Même si ce n'était pas un rôle facile, Agnès Blanchot, ma compagne à la ville, a tout de suite accepté d'interpréter la compagne du Capitaine Malinowski. Elle a été un soutien aussi bien devant que derrière la caméra.
Le suivant à avoir rejoint le projet a été Jacques Frantz. J'en ai toujours été fan. Aurélien Recoing est arrivé le dernier. Je ne voyais personne d'autre que lui face à Jean Dujardin. Pour la scène où Malinowski découvre sa petite fille, il me fallait la confrontation de deux puissances.
Je suis aussi très heureux d'avoir pu avoir Jean-François Garreaud, à qui j'ai demandé de se laisser pousser les cheveux, pour le rôle de Salinas, et Jean-Pierre Cassel, qui apporte tout son vécu au rôle du docteur. Il faut aussi noter la performance de la petite Alexandra Goncalvez, dont c'est la première apparition au cinéma.

A tous les postes, tous m'ont aidé à concrétiser ce que j'avais imaginé à l'écriture. Le chef opérateur, la scripte, mon assistant, et tous les autres ont été des références, des appuis, de vrais coéquipiers. La similitude avec une opération de police est finalement assez juste. Quand on est à la tête d'une troupe d'hommes sur le terrain, on doit gérer des compétences, des ego, des personnalités différentes mais complémentaires. Plus l'opération a été préparée en amont, plus on est capable de répondre à l'imprévu. Cette opération était aussi risquée pour l'équipe car ils acceptaient de travailler avec quelqu'un d'inconnu, qui n'avait encore rien fait. Pour une première expérience, j'ai bénéficié de conditions idylliques.
Je suis viscéralement imprégné du monde policier. Pour l'instant, je ne me pose pas la question d'écrire ou réaliser autre chose qu'un polar. Au dernier jour de tournage, j'ai eu le sentiment d'avoir accompli une étape. J'aime écrire et j'ai aimé mettre en scène. Particulièrement sur cette histoire, avec tout ce qu'elle réserve de suspense et d'émotion.
J'ai d'abord découvert le scénario.
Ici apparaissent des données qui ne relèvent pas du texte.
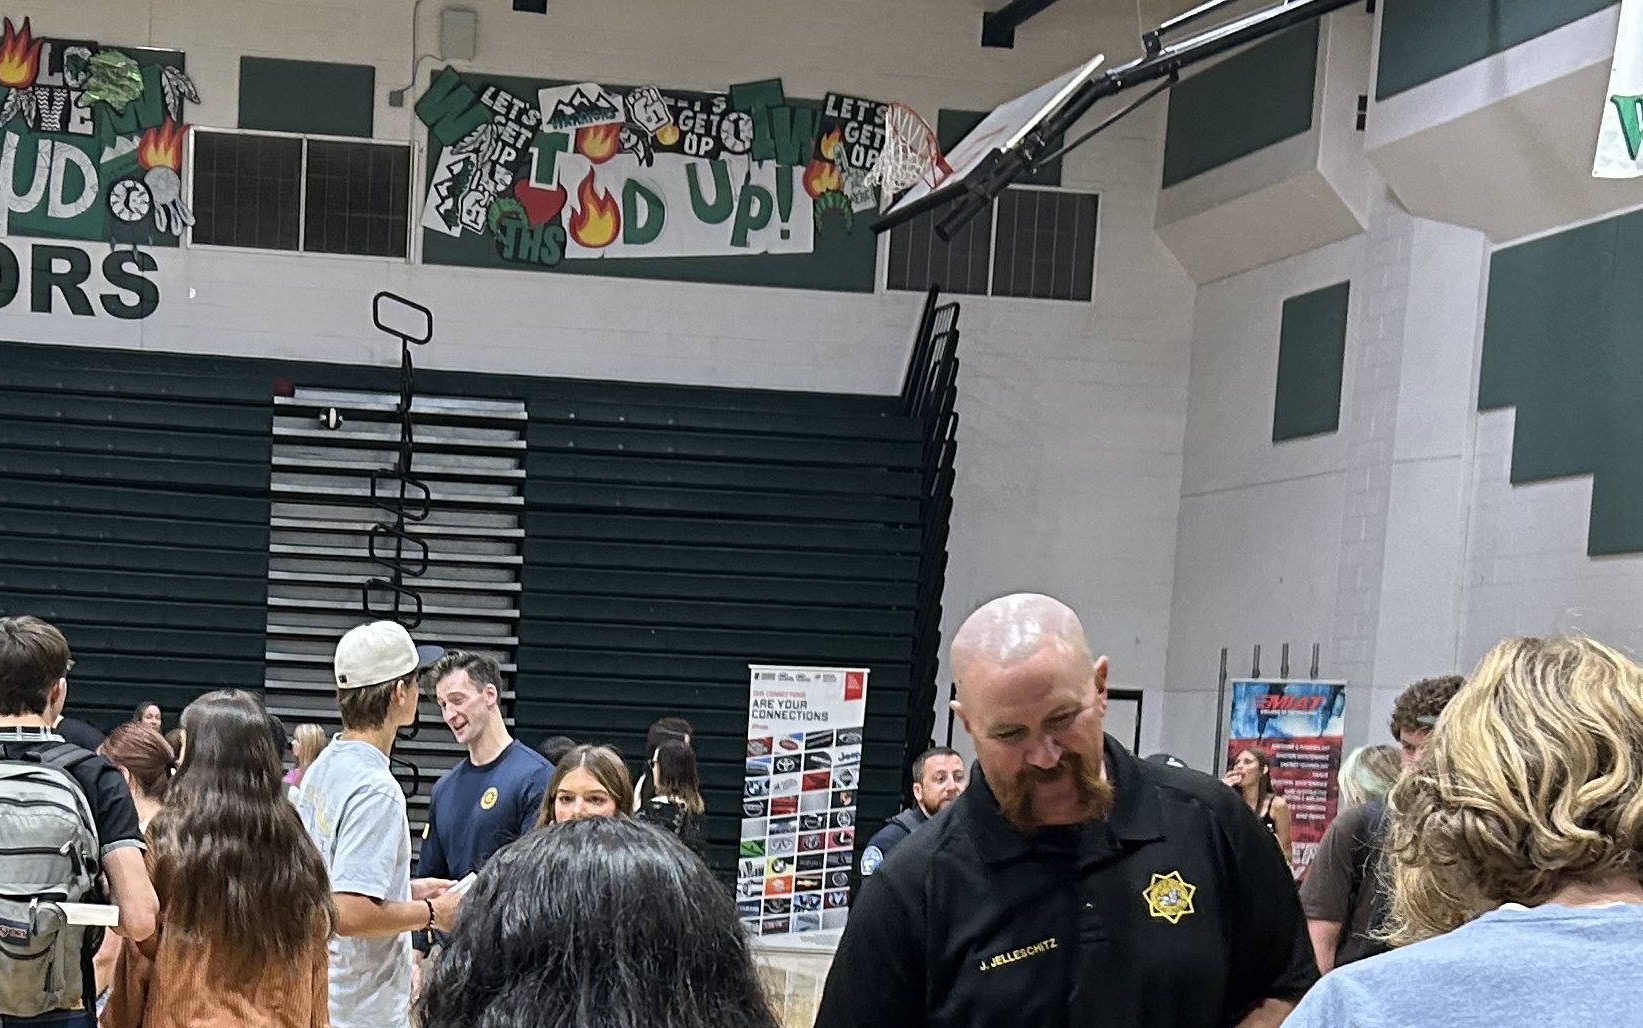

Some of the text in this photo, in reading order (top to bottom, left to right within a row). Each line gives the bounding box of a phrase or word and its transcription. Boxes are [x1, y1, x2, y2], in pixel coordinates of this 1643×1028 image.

[481, 86, 543, 126] LET'S
[826, 95, 887, 124] LET'S
[679, 110, 720, 136] GET
[845, 121, 886, 150] GET
[502, 218, 564, 266] THS
[751, 709, 829, 722] CONNECTIONS
[753, 699, 807, 710] ARE YOUR
[979, 960, 989, 971] J.
Dès les premières pages, j'ai ressenti une émotion immédiate, puissante, ce qui est assez rare. L'histoire était prenante, touchante et, en tant que comédien, j'y trouvais ce que j'espère toujours en ouvrant un script : la surprise d'un personnage qui m'entraîne ailleurs. Il y a ensuite eu la rencontre avec Franck Mancuso. C'est quelqu'un qui en impose. Quand il parle, on a envie de l'écouter. Il parle de ce qu'il connaît, cela se sent. Il pouvait me faire connaître un milieu dont j'ignore tout.
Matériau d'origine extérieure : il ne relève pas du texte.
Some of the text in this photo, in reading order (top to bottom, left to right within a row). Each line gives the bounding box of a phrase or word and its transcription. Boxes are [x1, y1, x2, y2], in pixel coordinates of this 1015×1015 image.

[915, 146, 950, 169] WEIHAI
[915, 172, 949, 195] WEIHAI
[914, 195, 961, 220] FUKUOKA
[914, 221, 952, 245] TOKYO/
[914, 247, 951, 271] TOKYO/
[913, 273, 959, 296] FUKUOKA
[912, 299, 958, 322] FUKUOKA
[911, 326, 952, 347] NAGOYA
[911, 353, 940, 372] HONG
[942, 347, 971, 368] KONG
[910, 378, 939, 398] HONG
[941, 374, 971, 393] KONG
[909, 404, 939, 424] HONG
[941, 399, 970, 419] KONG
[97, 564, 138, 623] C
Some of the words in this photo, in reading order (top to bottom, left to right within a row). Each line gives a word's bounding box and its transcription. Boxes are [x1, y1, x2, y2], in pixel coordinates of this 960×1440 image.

Le métier de l'acteur, c'est de pouvoir tout jouer. Pour moi, ce personnage n'est pas un contre-emploi, c'est juste une autre facette. Dans ma petite filmographie, tous les rôles que j'ai pu jouer vont du clair au très sombre. Le rôle de Malinowski ne demandait évidemment pas le même travail que celui de OSS 117. Dans une comédie, on construit un personnage, on lui imagine une voix, une démarche, et le film s'appuie sur lui. Dans CONTRE-ENQUETE, je suis d'abord au service d'une histoire, et je ne suis pas seul. Le public change de point de vue avec les personnages.
Malinowski est flic et père. Je n'ai pas eu de mal à me sentir proche de lui, même si je n'ai jamais été policier. Je suis moi-même père, et le drame qu'il vit me touche. A sa place, je crois que j'entrerais aussi dans ce mutisme. C'est sur cet aspect-là de Malinowski que j'ai accroché. Je savais que si j'étais perdu pendant le tournage, je pourrais m'y référer. J'ai aussi aimé son côté cow-boy solitaire mais avec une approche humaine réelle, sans frime, sans pathos, sans gros flingue. C'est le père que j'ai toujours gardé en tête. Cette histoire se déroule sur trois ans, et sur une aussi longue période, on ne peut pas passer son temps dans le chagrin extrême ou dans la colère absolue.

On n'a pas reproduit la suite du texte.